# Problem description
Below are the entries. Set down exactly the line containing "Some of the text" and each line after it.
BEGIN Provided information
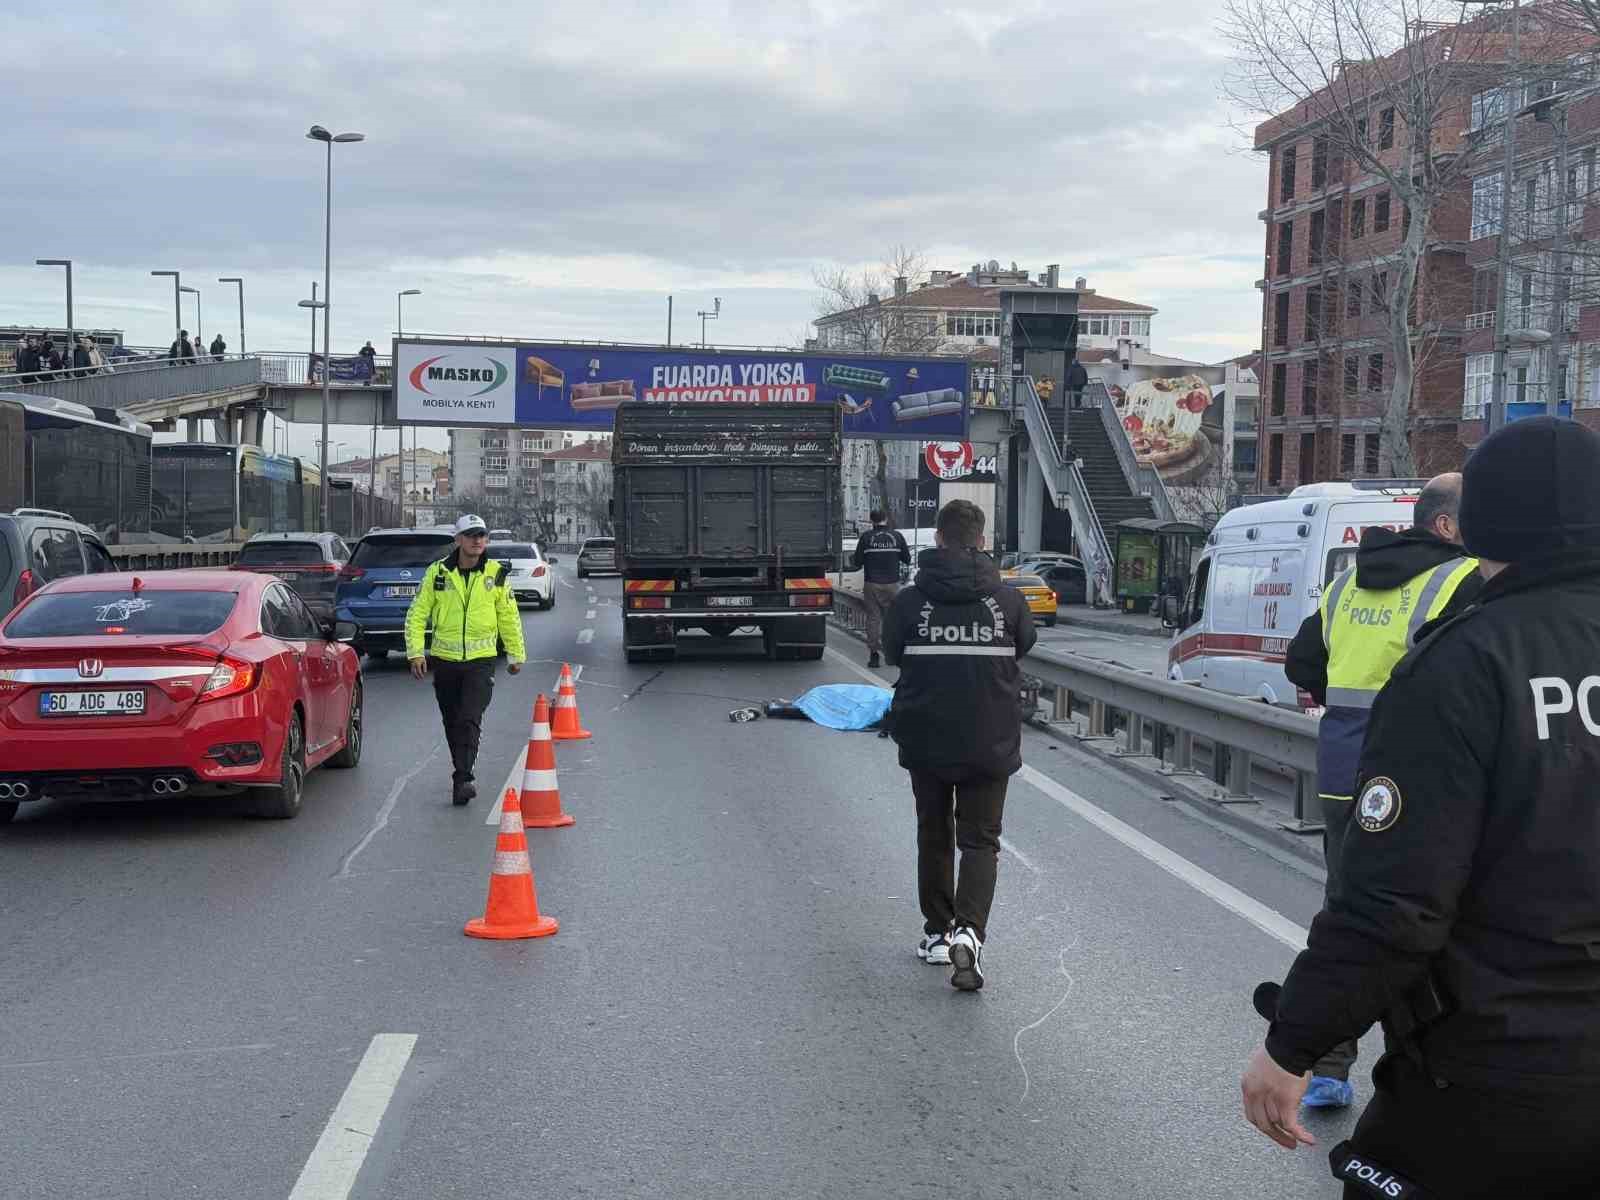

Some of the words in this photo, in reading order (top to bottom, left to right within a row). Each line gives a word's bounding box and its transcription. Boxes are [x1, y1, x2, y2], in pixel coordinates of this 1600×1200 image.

[428, 366, 494, 383] MASKO
[652, 365, 733, 389] FUARDA
[739, 362, 805, 386] YOKSA
[975, 456, 997, 474] 44
[918, 601, 934, 637] OLAY
[1264, 600, 1278, 630] 112
[1350, 604, 1393, 626] POLİS
[930, 621, 993, 642] POLİS
[50, 694, 67, 710] 60
[80, 693, 105, 709] ADG
[117, 692, 143, 709] 489
[1345, 1160, 1402, 1197] POLİS
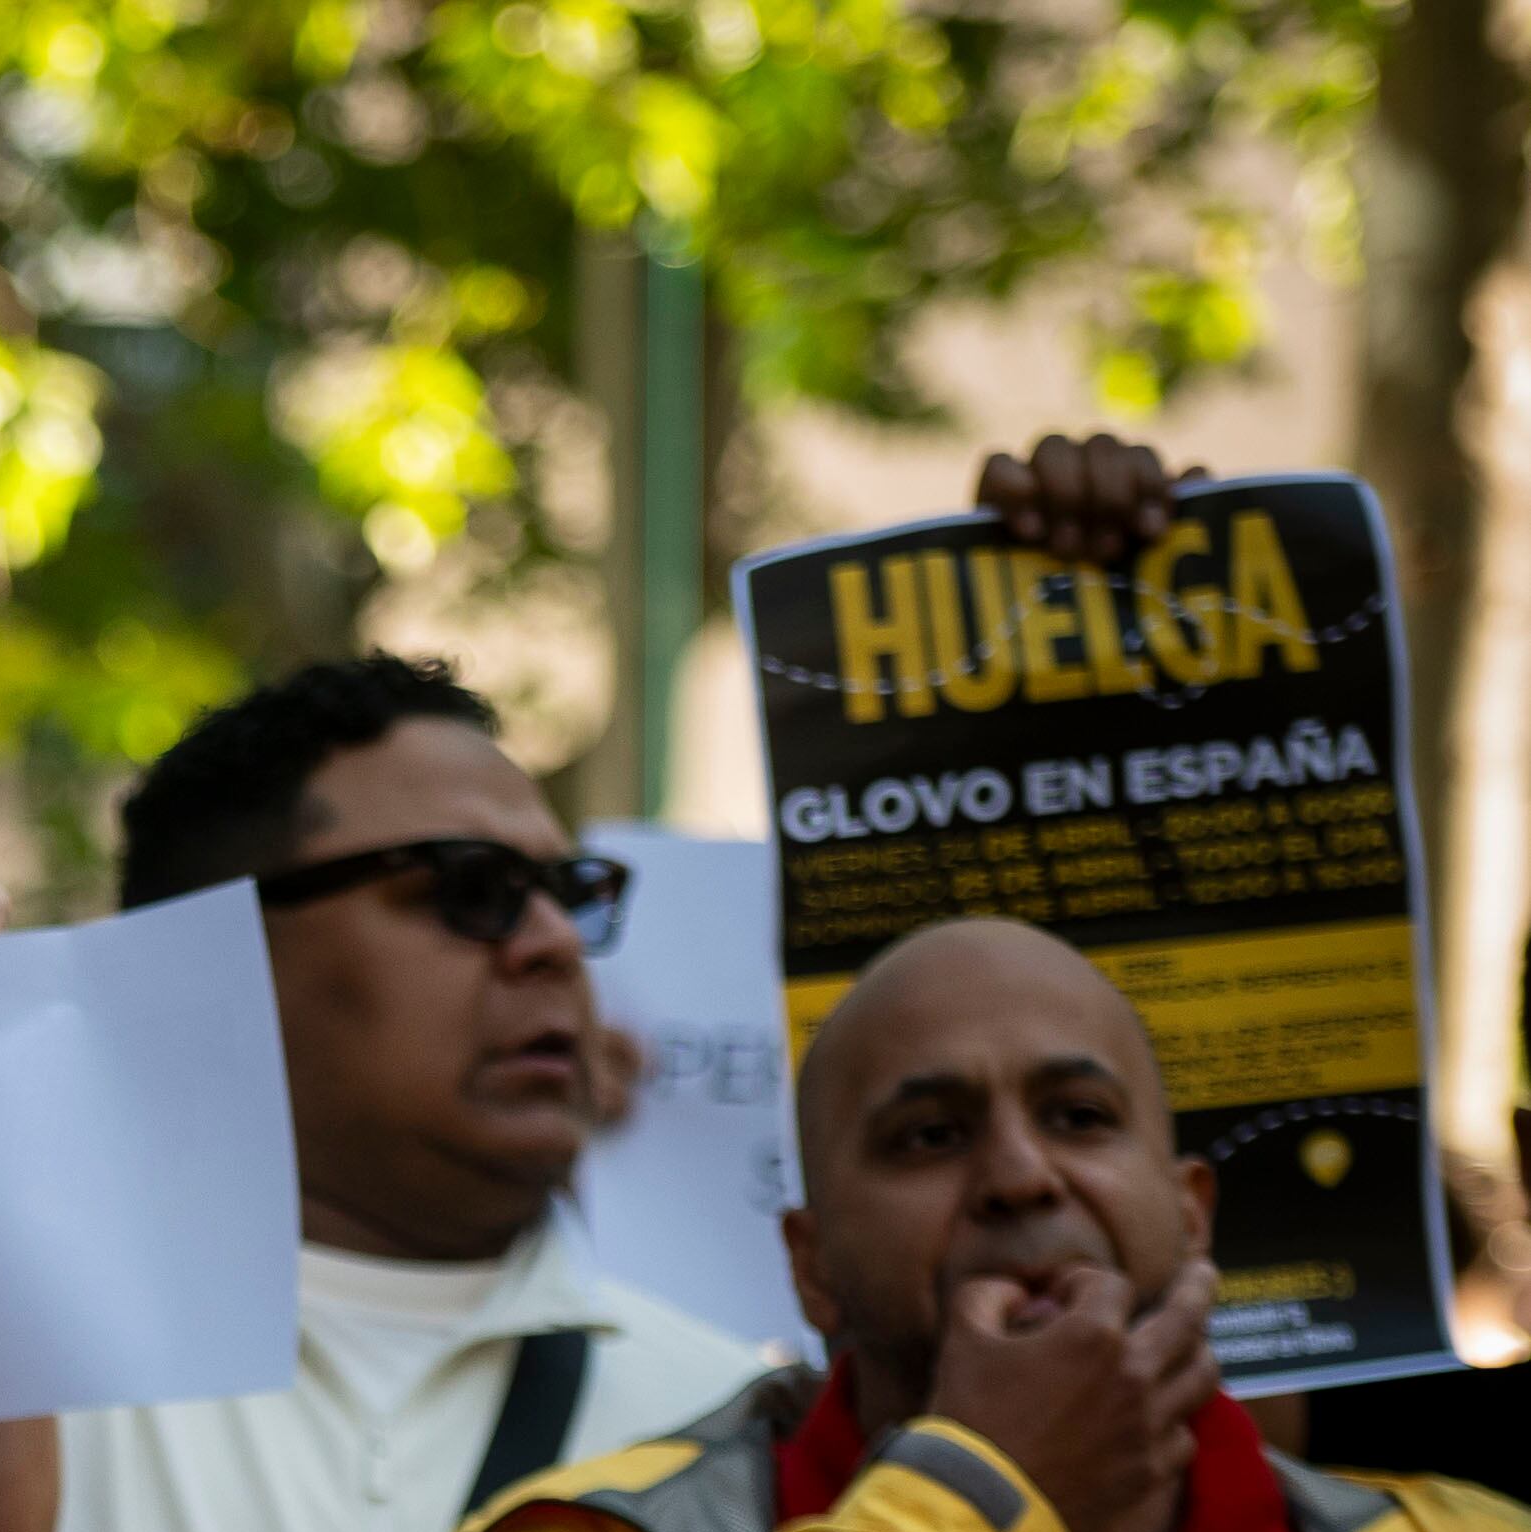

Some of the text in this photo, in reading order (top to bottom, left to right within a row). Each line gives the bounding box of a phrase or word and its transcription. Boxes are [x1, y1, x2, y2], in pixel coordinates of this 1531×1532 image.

[828, 508, 1320, 725] HUELGA
[779, 717, 1379, 844] GLOVO EN ESPAÑA
END Provided information
# Solved problem
Some of the text in this photo, in reading order (top to bottom, left to right within a row). Each line gives the bounding box of a phrase or word and its transcription. Boxes are [x1, y1, x2, y2], in pixel coordinates of this 1531×1532 image.

[828, 508, 1320, 725] HUELGA
[779, 717, 1379, 844] GLOVO EN ESPAÑA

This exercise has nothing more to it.